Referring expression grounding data
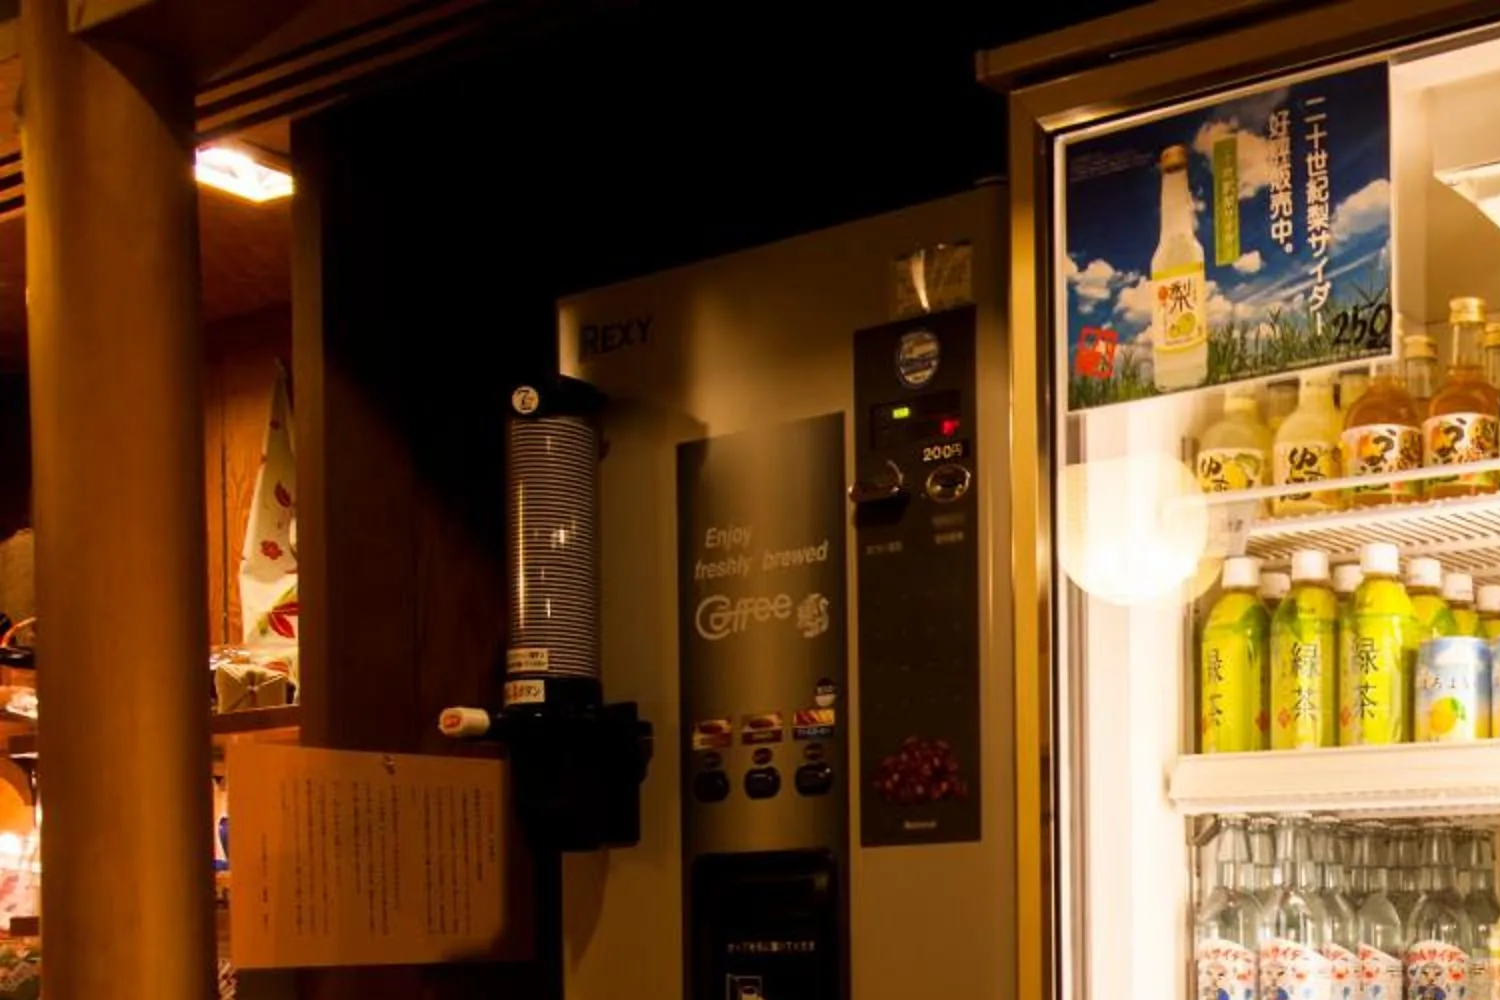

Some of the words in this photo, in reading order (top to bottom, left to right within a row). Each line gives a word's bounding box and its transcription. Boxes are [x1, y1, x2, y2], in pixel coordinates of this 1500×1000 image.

[1304, 96, 1332, 337] 二十世紀梨サイダー
[1168, 278, 1197, 314] 梨
[579, 314, 654, 356] REXY
[694, 555, 750, 580] freshly
[762, 537, 829, 571] brewed
[704, 526, 750, 550] Enjoy
[1290, 640, 1319, 721] 緑茶
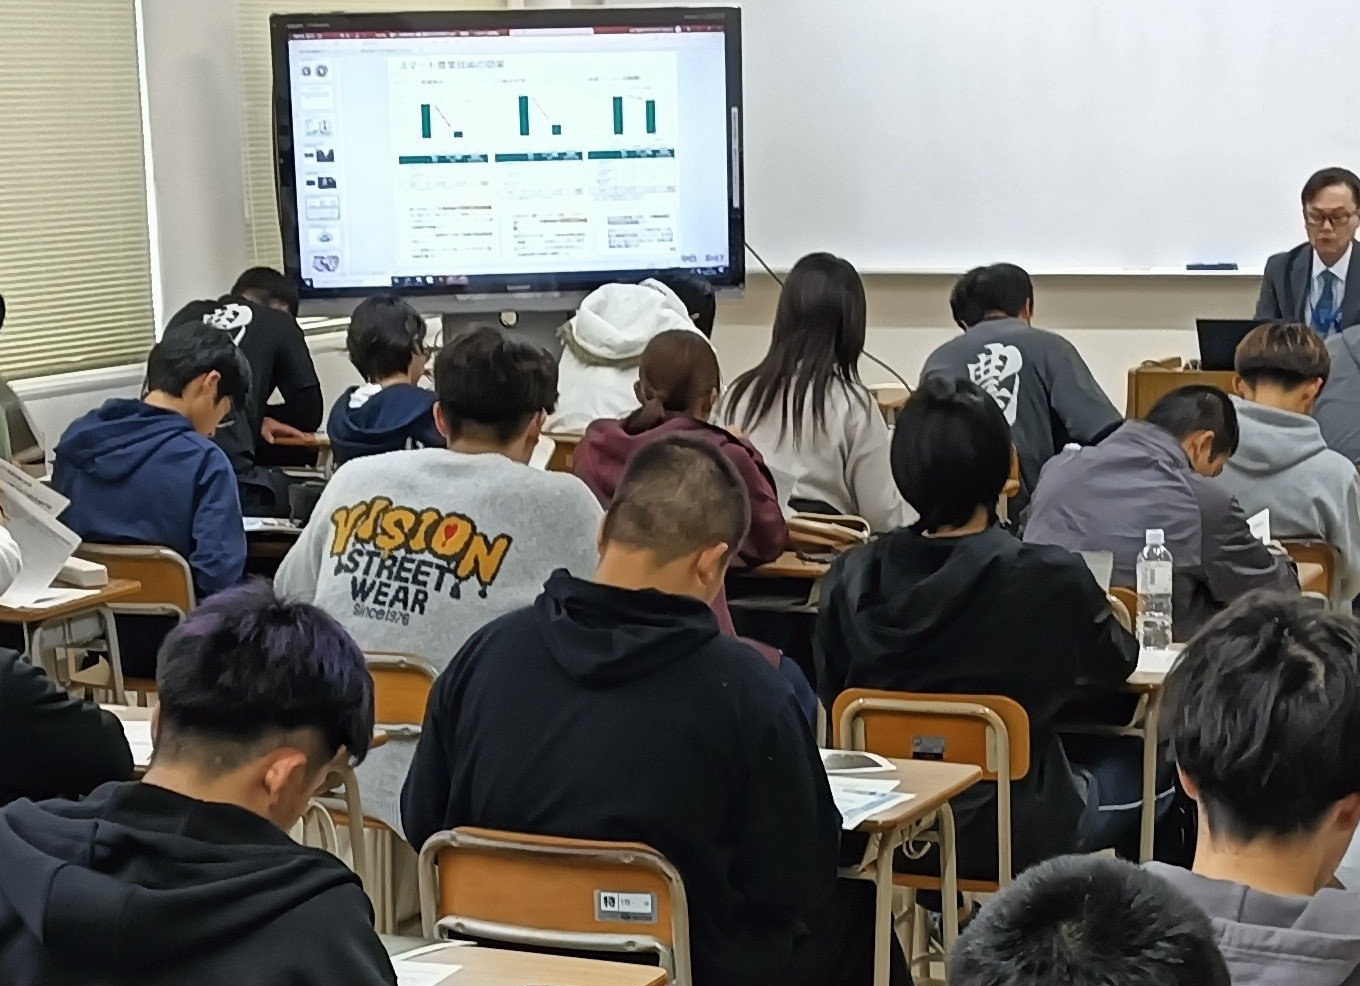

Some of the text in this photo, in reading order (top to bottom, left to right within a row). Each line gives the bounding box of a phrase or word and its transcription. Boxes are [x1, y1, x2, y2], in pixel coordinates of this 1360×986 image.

[330, 495, 512, 586] VISION
[345, 549, 454, 592] STREET
[351, 576, 429, 615] WEAR
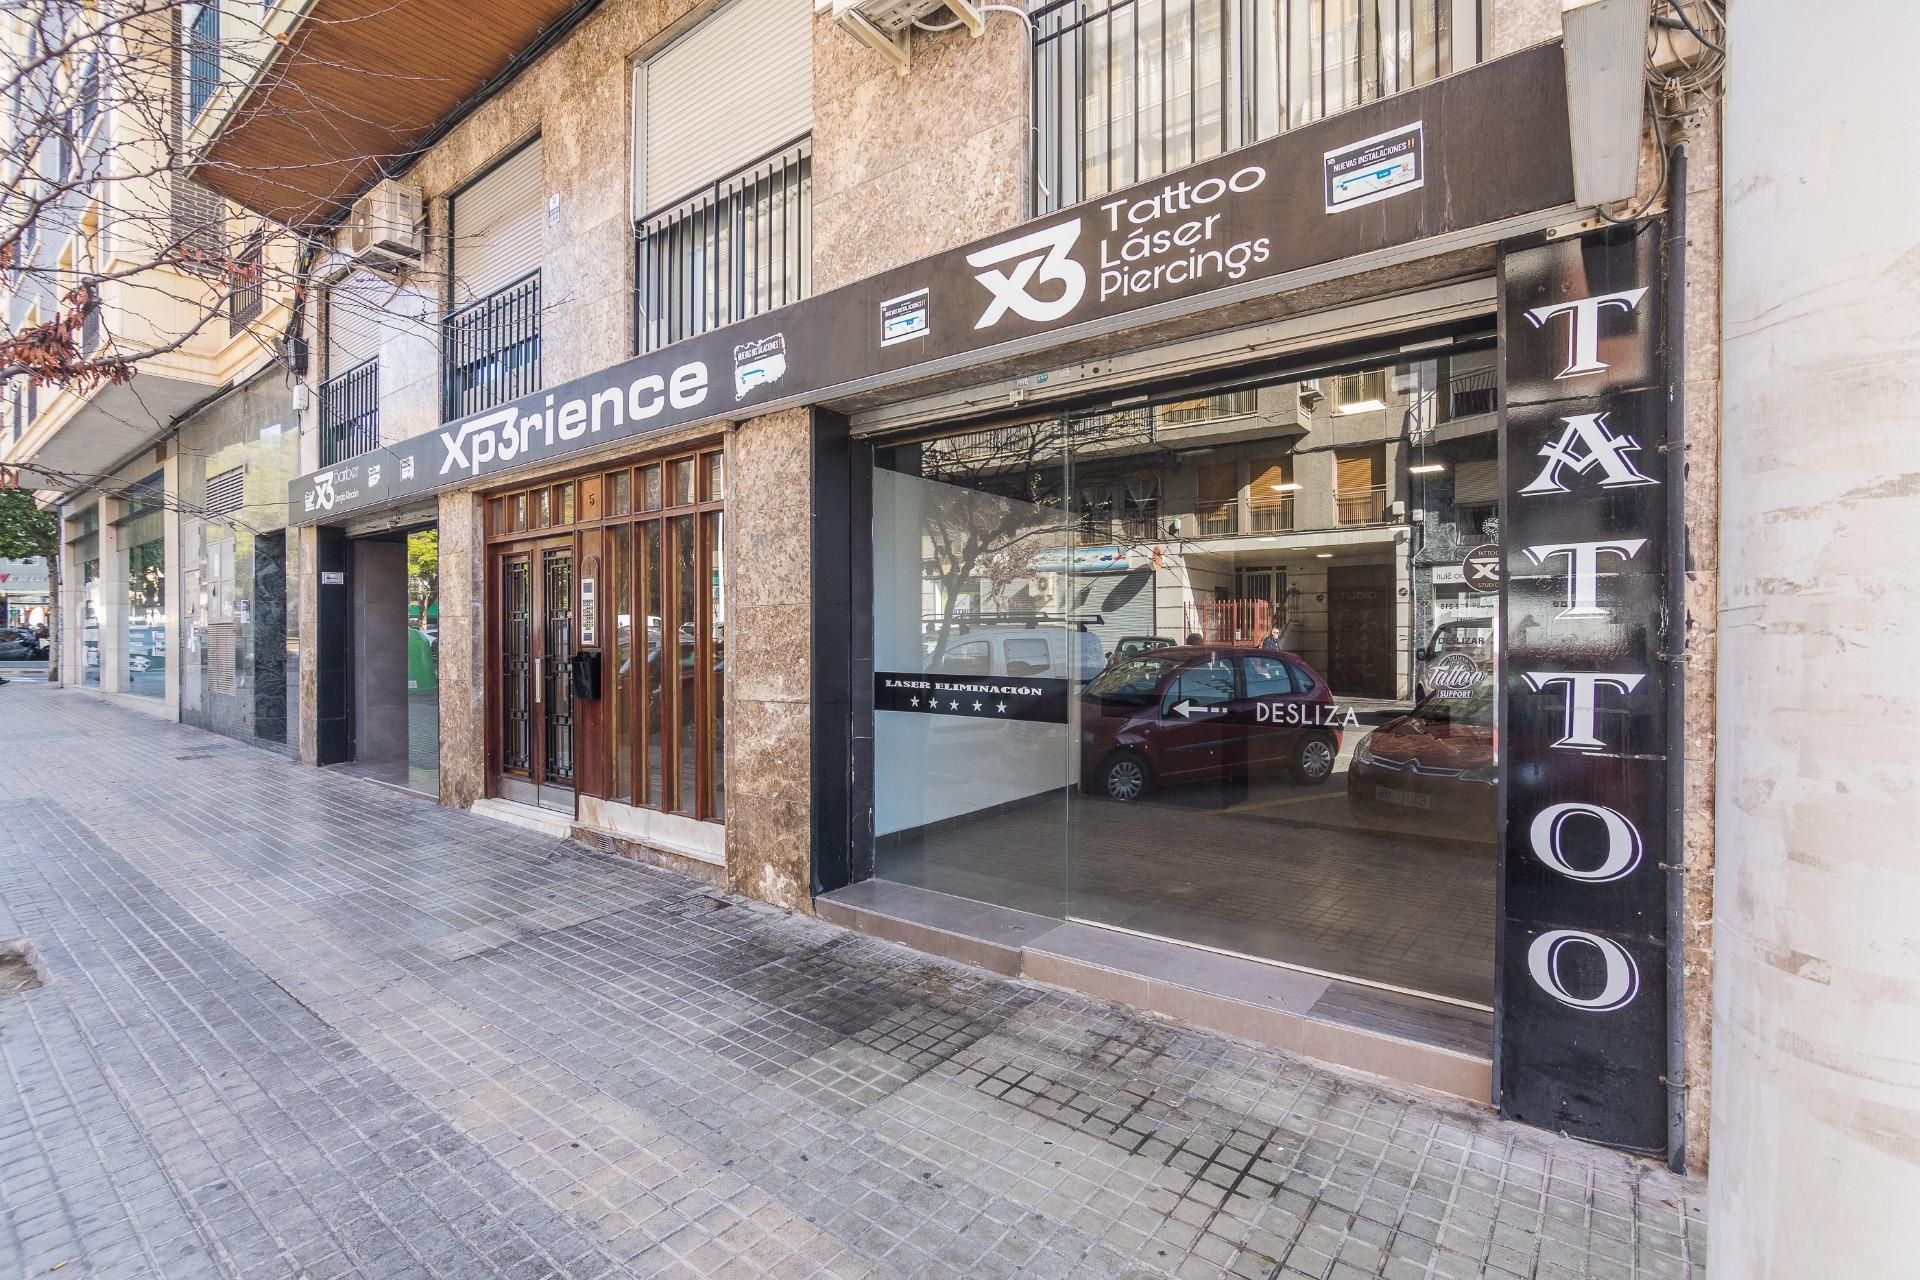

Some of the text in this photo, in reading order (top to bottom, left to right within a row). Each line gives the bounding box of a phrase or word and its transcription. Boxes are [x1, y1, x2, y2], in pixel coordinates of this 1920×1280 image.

[1333, 157, 1358, 172] NUEVAS
[1358, 142, 1407, 164] INSTALACIONES
[1101, 166, 1267, 232] Tattoo
[1101, 213, 1222, 269] Láser
[1101, 237, 1271, 302] Piercings
[438, 360, 708, 476] Xp3rience
[588, 493, 595, 507] 5
[1438, 637, 1485, 645] DESLIZAR
[1517, 286, 1662, 1012] TATTOO
[885, 679, 1043, 696] LASER ELIMINACIÓN
[1428, 664, 1486, 686] Tattoo
[1256, 702, 1360, 727] DESLIZA

• **Exercise details**
Can the entries above be repeated exactly, without their pictures?

• **Exercise response**
Some of the words in this photo, in reading order (top to bottom, left to right within a row). Each line gives a word's bounding box and its transcription. Boxes are [x1, y1, x2, y2], in pixel coordinates of this 1500×1000 image.

[1304, 96, 1332, 337] 二十世紀梨サイダー
[1168, 278, 1197, 314] 梨
[579, 314, 654, 356] REXY
[694, 555, 750, 580] freshly
[762, 537, 829, 571] brewed
[704, 526, 750, 550] Enjoy
[1290, 640, 1319, 721] 緑茶

Some of the text in this photo, in reading order (top to bottom, left to right within a row). Each line gives the bounding box of a phrase or word and its transcription. Boxes are [x1, y1, x2, y2], in pixel coordinates of this 1360×986 image.

[330, 495, 512, 586] VISION
[345, 549, 454, 592] STREET
[351, 576, 429, 615] WEAR

Some of the text in this photo, in reading order (top to bottom, left to right within a row). Each line gives the bounding box of a phrase or word and its transcription. Boxes are [x1, y1, x2, y2], in pixel coordinates of this 1920×1280 image.

[1333, 157, 1358, 172] NUEVAS
[1358, 142, 1407, 164] INSTALACIONES
[1101, 166, 1267, 232] Tattoo
[1101, 213, 1222, 269] Láser
[1101, 237, 1271, 302] Piercings
[438, 360, 708, 476] Xp3rience
[588, 493, 595, 507] 5
[1438, 637, 1485, 645] DESLIZAR
[1517, 286, 1662, 1012] TATTOO
[885, 679, 1043, 696] LASER ELIMINACIÓN
[1428, 664, 1486, 686] Tattoo
[1256, 702, 1360, 727] DESLIZA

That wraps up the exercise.